I began the now-decade-old P90X home workout program sometime in February. Since it’s now sometime in May (because math), that means I’ve completed it. I was inspired to do it not because of slick marketing or outsized promises, but something altogether simpler – I wanted to get back into better shape, and I was getting tired of trying to figure out a routine or regimen. Having someone else tell me what to do seemed a lot easier, in that regard. Plus, I was familiar with it – I’d “acquired” the program several years prior, when I was living in Connecticut with no gym access. I figured a known entity was better than investing a bunch of money (or a couple of hours waiting on the torrent) on something unknown, so I went ahead and said “yep, I’m gonna do this.” I work from home with access to a high-quality (as these things go) apartment gym, so I had no excuse. I’ll say, I’m pretty happy with it – for the most part.
Before I get into the nuts and bolts, let’s first take a moment to consider what P90X “is,” or what it means. When it debuted in 2004, to my knowledge there was nothing so widely publicized on the market that actually worked. Prior to P90X, home workouts were (and continue to be) jokes – Jane Fonda, step aerobics, Richard Simmons et. all, they all gave in-home workout programs a bad name. But P90X, rather than going the tired “lose weight easy!” route, took a novel approach. It said “this program is hard, and in fact we’re going to sell it by playing up its difficulty.” Rather than coaching you along, Tony and the demonstrators actually participated in the workouts and sweat alongside you – the message being “if we can do this, you can too.” After that, things changed. “Bootcamp” workouts became commonplace in globo-gyms, CrossFit caught on, Tough Mudders were created and in general people decided that paying money to have someone else work them until they puked was a swell idea. Whether they actually completed it or not, P90X finally sold the gym-shy a program that genuinely offered them a path to better fitness. In fact (and particularly for folks who patronize places like Planet Fitness, where working out is actively discouraged), P90X may well be a plane above what most people do in the gym.
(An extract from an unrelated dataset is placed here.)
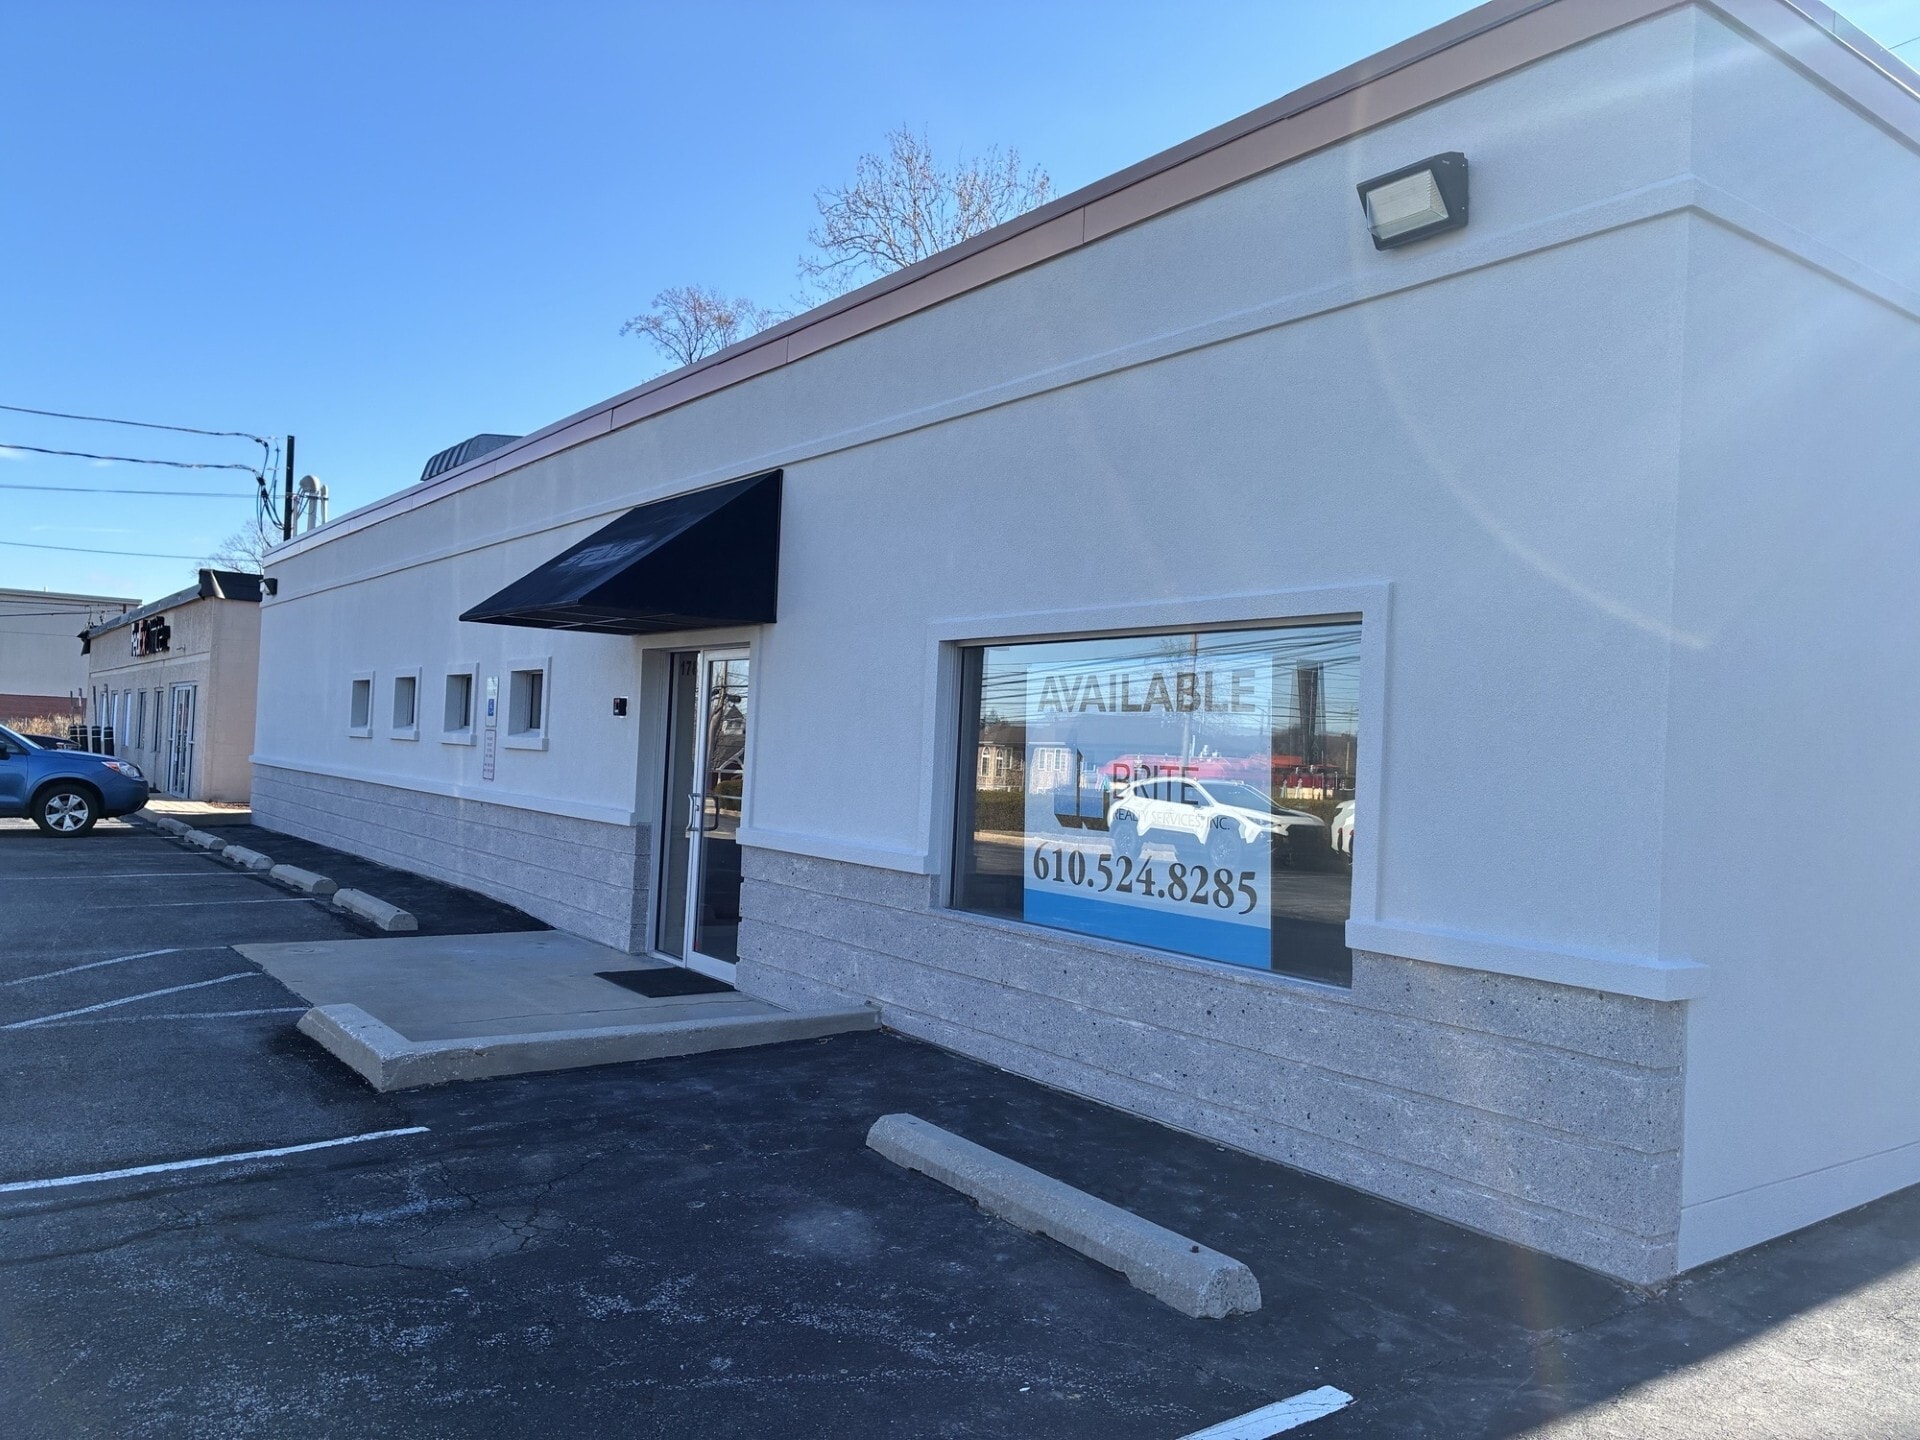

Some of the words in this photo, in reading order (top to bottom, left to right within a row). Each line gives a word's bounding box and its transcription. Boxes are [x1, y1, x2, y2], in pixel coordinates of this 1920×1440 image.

[1038, 670, 1256, 713] AVAILABLE
[1113, 763, 1199, 805] BRITE
[1033, 841, 1258, 915] 610.524.8285
Those are not insignificant details. Here’s how I feel about the program overall (reviews of individual workouts to come in a later post).
First, the obvious – P90X “works.” That is, if you’re looking to get noticeably more fit than you already are, P90X will do that for you. I regret not taking a “before” photo (which the materials recommend), because the “after” would be night and day. I look noticeably fitter all over. I also appreciate the program’s honesty. For instance, they say explicitly that if you don’t follow the diet guidelines (which I didn’t really do), you will certainly be more fit, but you won’t necessarily look it. That’s an obtuse departure from other programs that promise results based on the workouts alone. It’s also pretty upfront about who exactly it’s for – if you’re not already in some kind of shape, you probably won’t get the maximum benefits from P90X. For a man, I’d say that you need to be able to do at least 20 pushups and maybe five pull-ups prior to the program to get much out of it. Otherwise, not only will most of the workouts be superfluous, but you’ll find yourself feeling defeated compared to the animals in the videos.
P90X also goes beyond paying lip service to the concept of “total body fitness.” There isn’t a body part or discipline that gets ignored. Even though there’s technically “no cardio” (although really, the whole program is cardio), your heart and lungs will take a beating. Upper, middle and lower body, it’s all in there. Nothing is overlooked, though some parts are paid more attention than others. Also worth noting are the great pains taken to
really gear the workouts to the gym-shy (though this is also one of its shortcomings). In some cases, you’ll really be amazed at what you can accomplish without gym equipment or even weights. However, if you’re someone looking to get into more traditional weightlifting, I think this is a great foundation. Due to the emphasis on bodyweight and compound movements, you’ll come out better-prepared for exercises like squats, deadlifts and bench presses, and you’ll have the stabilizing strength to do them properly.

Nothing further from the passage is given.